A master storyteller on the threshold of great art

Jerome Witkin has not only an extraordinary talent, but the drive and imagination to go with it. He draws beautifully, paints with the assurance and verve of a master, and fashions images that grapple with and illuminate some of the most crucial and vexing issues of our time.

His huge 1979-81 triptych, ``Death as an Usher: Germany, 1933,'' depicts individual acts of Nazi brutality and murder in a format that is both startlingly real and reminiscent of some of Goya's and Munch's more symbolic and unsettling works. ``The Devil as a Tailor'' further examines some of man's diabolical inclinations by portraying Satan in the act of sewing soldiers' and political prisoners' uniforms -- as well as the yellow-starred suit of a German Jew. And in ``The Screams of Kitty Genovese,'' hum an callousness is laid bare with the depiction of two lovers only momentarily diverted by a young murder victim's desperate cries for help.

Such themes do not, of course, guarantee art. Complex narrative paintings demand not only traditional artistic skills, but the more theatrical ones involving staging, lighting, storytelling, and character development. Fortunately for him -- and for us -- Witkin possesses all of these, plus the aptitude for carpentry required to help construct the elaborate and authentic ``stage sets'' within which he places his models, as well as the patience needed to discuss the subtleties of costume, pose, and charac terization with those who sit for him.

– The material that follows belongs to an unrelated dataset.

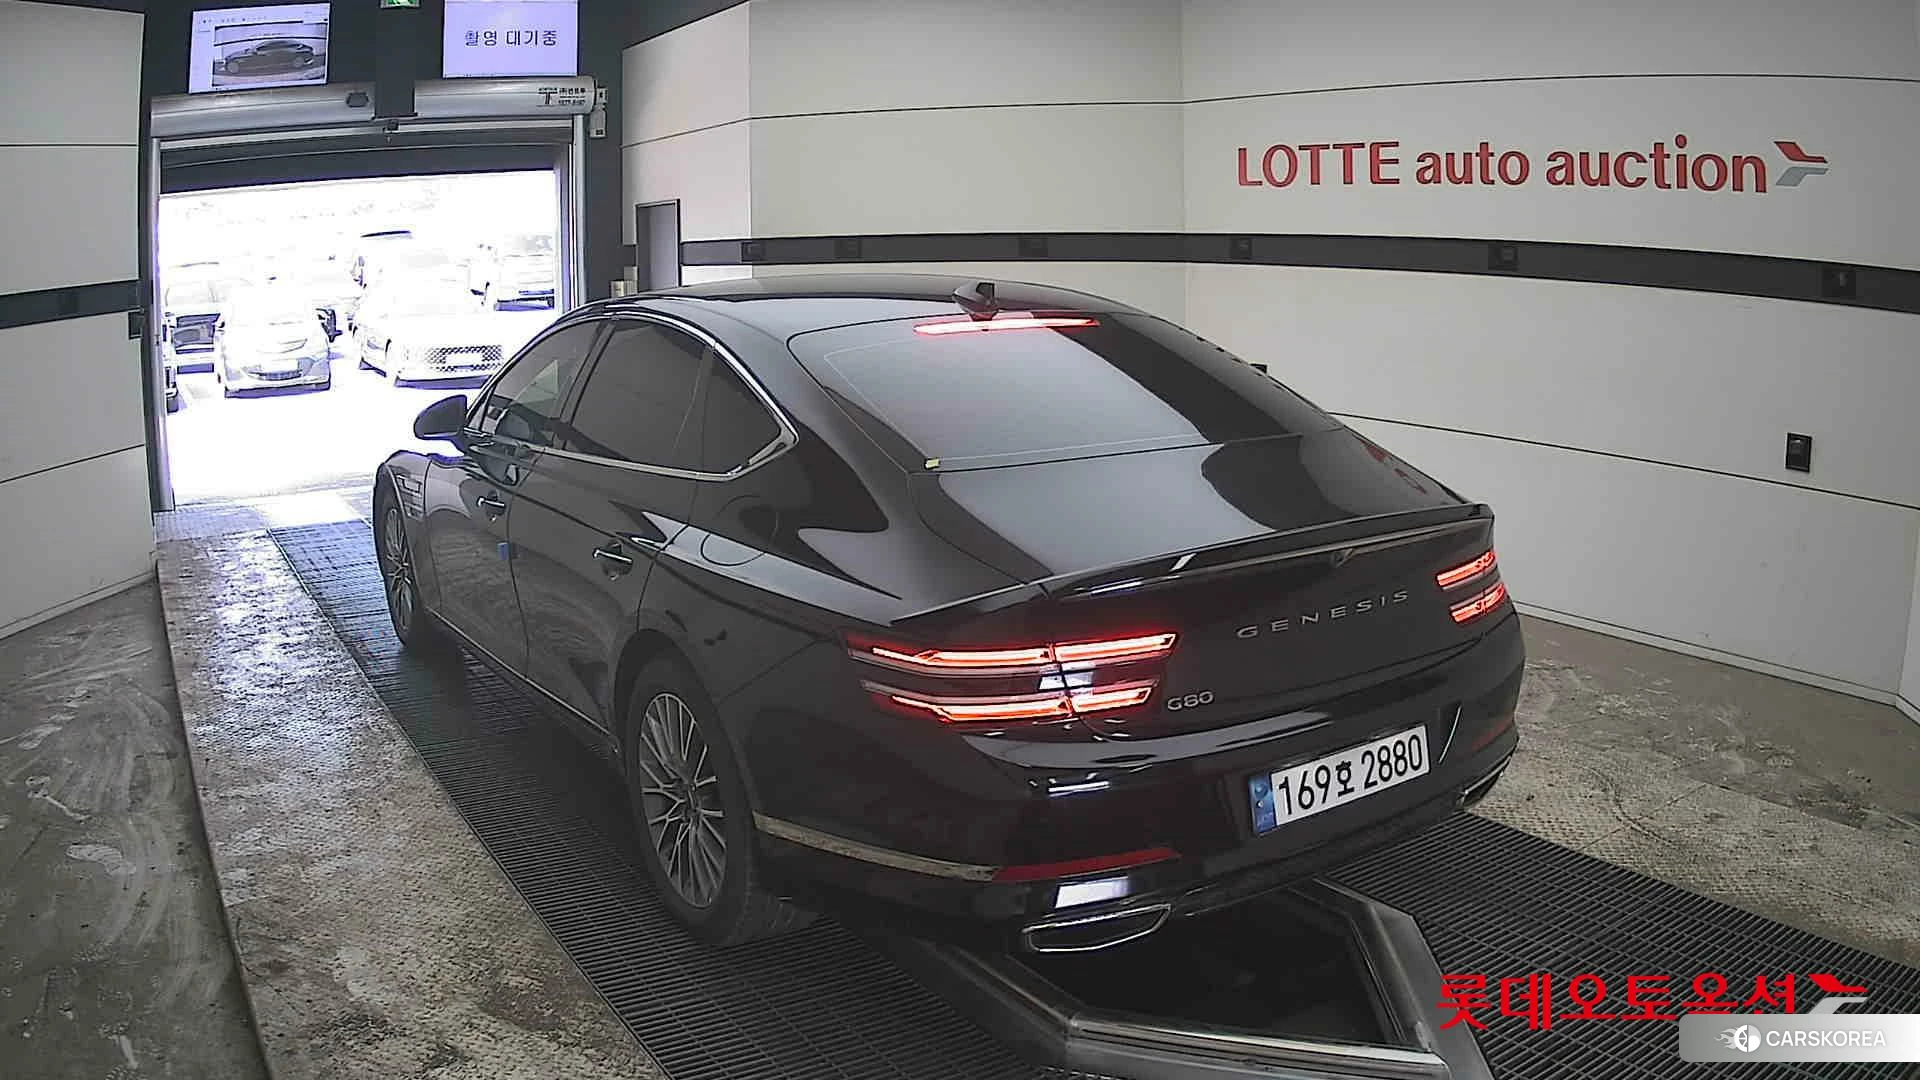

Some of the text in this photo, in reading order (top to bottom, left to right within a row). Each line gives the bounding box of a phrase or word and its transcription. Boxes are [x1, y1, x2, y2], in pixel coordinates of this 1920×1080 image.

Dramatic evidence of the above can be found in his current one-man show at the Sherry French Gallery here. Included in this survey of work produced during the past two years are ``Division Street,'' a large triptych depicting the effects of jealousy, frustration, and rage upon a married couple; a powerful diptych focusing on the issue of moral responsibility; and several smaller but no less effective narrative paintings and portraits.

The triptych is a particularly good example of Witkin's use of comic-strip and cinematic devices to speed the action from one panel to another. It also clearly indicates how he uses color to define mood and emotional content, in this case by moving from harsh greens (to denote jealousy) in the first image to softer blue-greens and grays as the woman vents her rage by hurling dishes at the man, and as she then seethes with resentment while cleaning up the mess.

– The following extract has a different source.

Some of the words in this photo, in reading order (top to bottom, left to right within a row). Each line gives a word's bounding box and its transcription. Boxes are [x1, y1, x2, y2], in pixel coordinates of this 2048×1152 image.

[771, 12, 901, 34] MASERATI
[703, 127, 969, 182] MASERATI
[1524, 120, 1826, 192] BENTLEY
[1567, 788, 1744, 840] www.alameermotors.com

All this is presented in a style as faithful in its depictions of people and things as any to be found today. Witkin wants to make his point as clearly and unambiguously as the old masters made theirs. Not only is he unconcerned about possible accusations that he is, as a result, academic or merely illustrational; he actually welcomes the risks involved as a challenge to his ingenuity and seriousness of purpose.

Above all, he wants to be understood. Pretension and pomposity are not for him.

In his own words, ``My art is about meditations on life experiences using, during every moment of creating it, the knowledge that someone will join in with my caring abut this. . . . I believe in accessibility without confusion or barrier, and in words like tender and sharing.''

In a very real sense, Witkin's paintings are morality plays in which human dramas representing conflicts between such things as good and evil, love and hate, the creative and the destructive, are acted out. As such, they are powerful and often very moving. A few, in fact, must already be counted among the most memorable pictures of the past decade. What happens next is up to Witkin himself. He has what it takes to produce truly major art and, at mid-career, he shows every indication of being about to do


At the Sherry French Gallery, 41 West 57 Street, through Nov. 30.